If you wanted to patent your sister, you would be disappointed. She, like most other humans, is a product of nature and is therefore outside the realm of patentability. Yet, 20 percent of all human genes have been patented — a significant portion of your sister. The expectation that inventions should be novel apparently notwithstanding, for two decades the United States Patent and Trademark Office has issued patents for portions of our genetic makeup to genetics corporations and laboratories. And the theft of our own genes is frustrating the research at universities and slowing the progress of medicine.

No part of the human genome belongs to any one person or organization. Pending in the federal court system is a lawsuit filed by the American Civil Liberties Union and the Public Patent Foundation arguing just that. The scientific community is watching closely because, should the case ultimately be ruled in favor of the ACLU, gene patents spanning two decades could be invalidated and the human genome would once again belong to humanity.

Patents are important in many fields for encouraging research and development. They give patent holders control over their inventions for 20 years in exchange for full public disclosure of the invention’s details. The former aspect provides an incentive while public disclosure places others in a position to develop and patent a better invention.

Gene patents are the same. Gene patent holders make money by selling genetic screening tests for the genes they have patented. A patient who wishes to be checked for disease-causing mutations associated with Long QT syndrome (which can cause sudden death), for example, can only buy that test from the company, which has patented the genes on which those mutations occur.

But there’s a flaw in the idea of patenting the genes themselves. With genes, there’s no way to improve the patented item — at least not for the purposes of medical diagnosis.

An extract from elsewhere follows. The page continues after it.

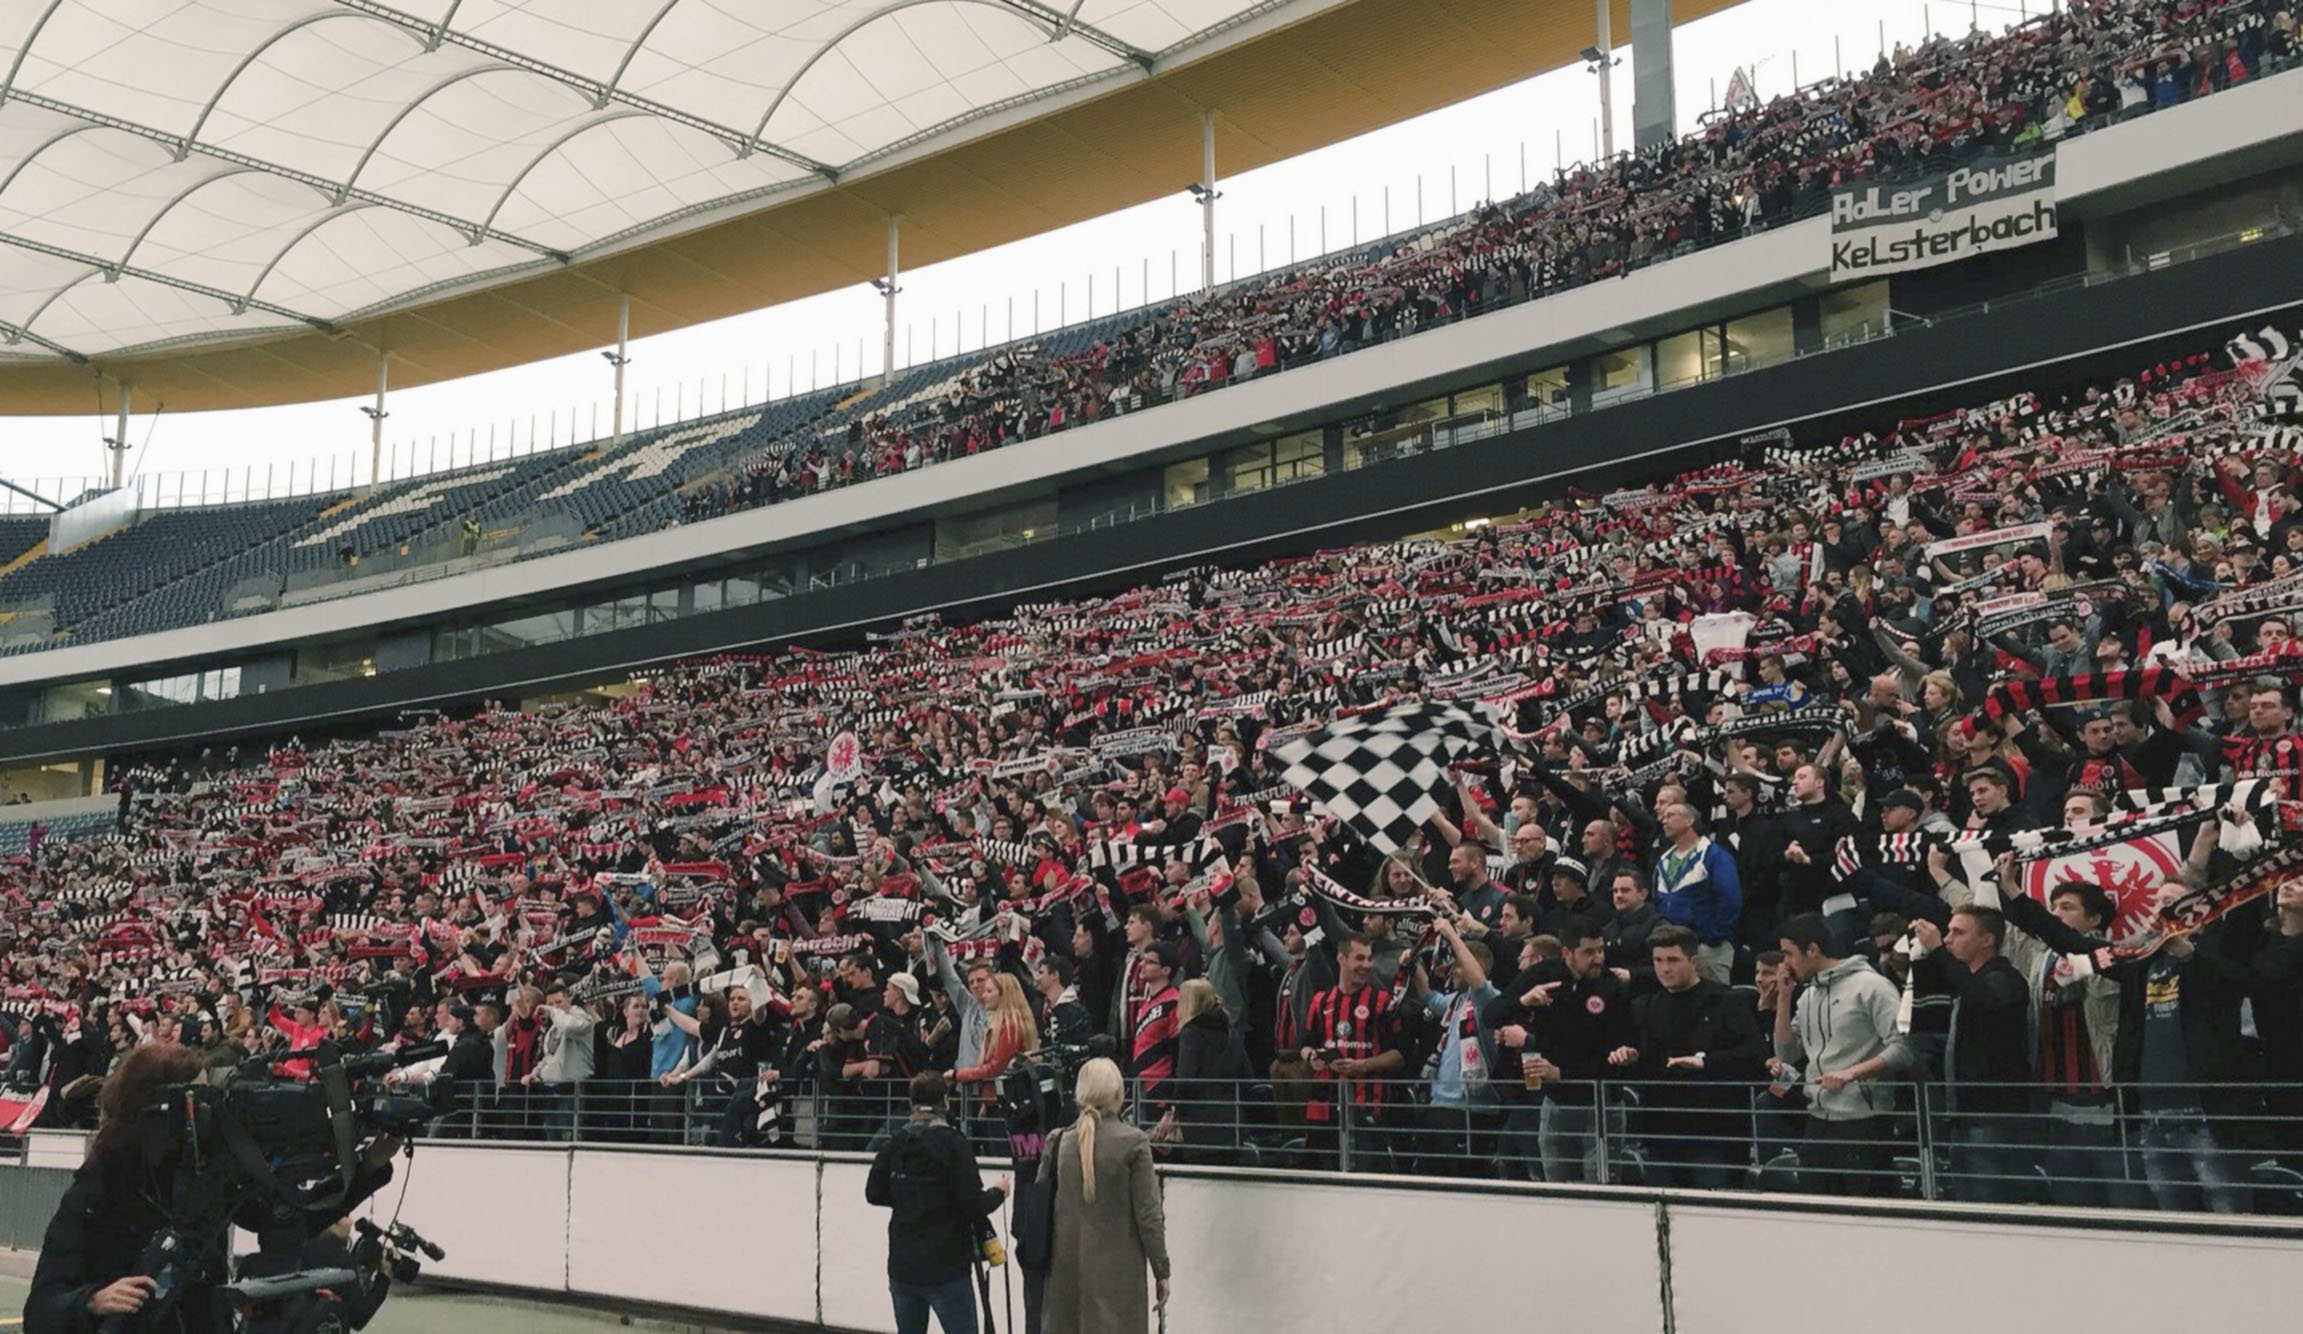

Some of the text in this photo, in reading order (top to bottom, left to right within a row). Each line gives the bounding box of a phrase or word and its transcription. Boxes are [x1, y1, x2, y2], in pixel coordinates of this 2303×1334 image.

[1947, 153, 2055, 203] Power
[2256, 767, 2299, 778] Romeo
[1313, 875, 1431, 909] EINTRACH

The premise of genetic screening is to look at the genes as they are and use that information to determine a person’s susceptibility to a certain disease. For diagnostic purposes, the development of “Genome 2.0” doesn’t make much sense, and so the patents don’t, either.

More frustratingly, not only do gene patents fail to encourage research, but when patent rights are abused, they actually stifle it. Enter Myriad Genetics, the company that holds the patents for the famous BRCA1 and BRCA2 genes — mutations on which are strongly associated with a susceptibility to breast and ovarian cancers. Since it received its patents in the 1990s, Myriad has used the power of the patent to refuse other laboratories permission to further research or test the genes and charges more than $3,000 for every antiquated cancer screening test it provides.

Myriad has a monopoly over testing and research on the BRCA1 and BRCA2 genes. If a woman can’t afford Myriad’s test for the mutations associated with cancer or would like a second opinion from a different genetics company before, say, having a hysterectomy, she is out of luck. For her to remove her own genes and look at the sequence would be a violation of patent law. Scientists who oppose gene patents have thus argued that what Myriad and other companies have is a patent on knowledge, not a novel invention.

Supporters of gene patents argue that temporary monopolies imposed by patents are necessary to reward those companies which have made considerable investments in research and development. But Lee Silver, professor of molecular biology and public policy at Princeton University, says likely “95 percent of patents on genes are worthless in an economic sense,” as reported by CNN.com in May. Obscure diseases, unlike breast cancer, simply lack the testing numbers sufficient to turn a profit from a gene patent. Clearly gene patents fail to do their job of encouraging research and improving health.

In theory, the legal argument against gene patenting is strong. Maybe 2010 will be the year gene patenting is finally ended by the federal judiciary. But if it isn’t, it will be up to us to make the moral argument good enough for Congress.

Sadly, the real reason you can’t patent your sister isn’t so much legal precedent. It’s that someone already has.

Nicholas Clift is an Engineering freshman.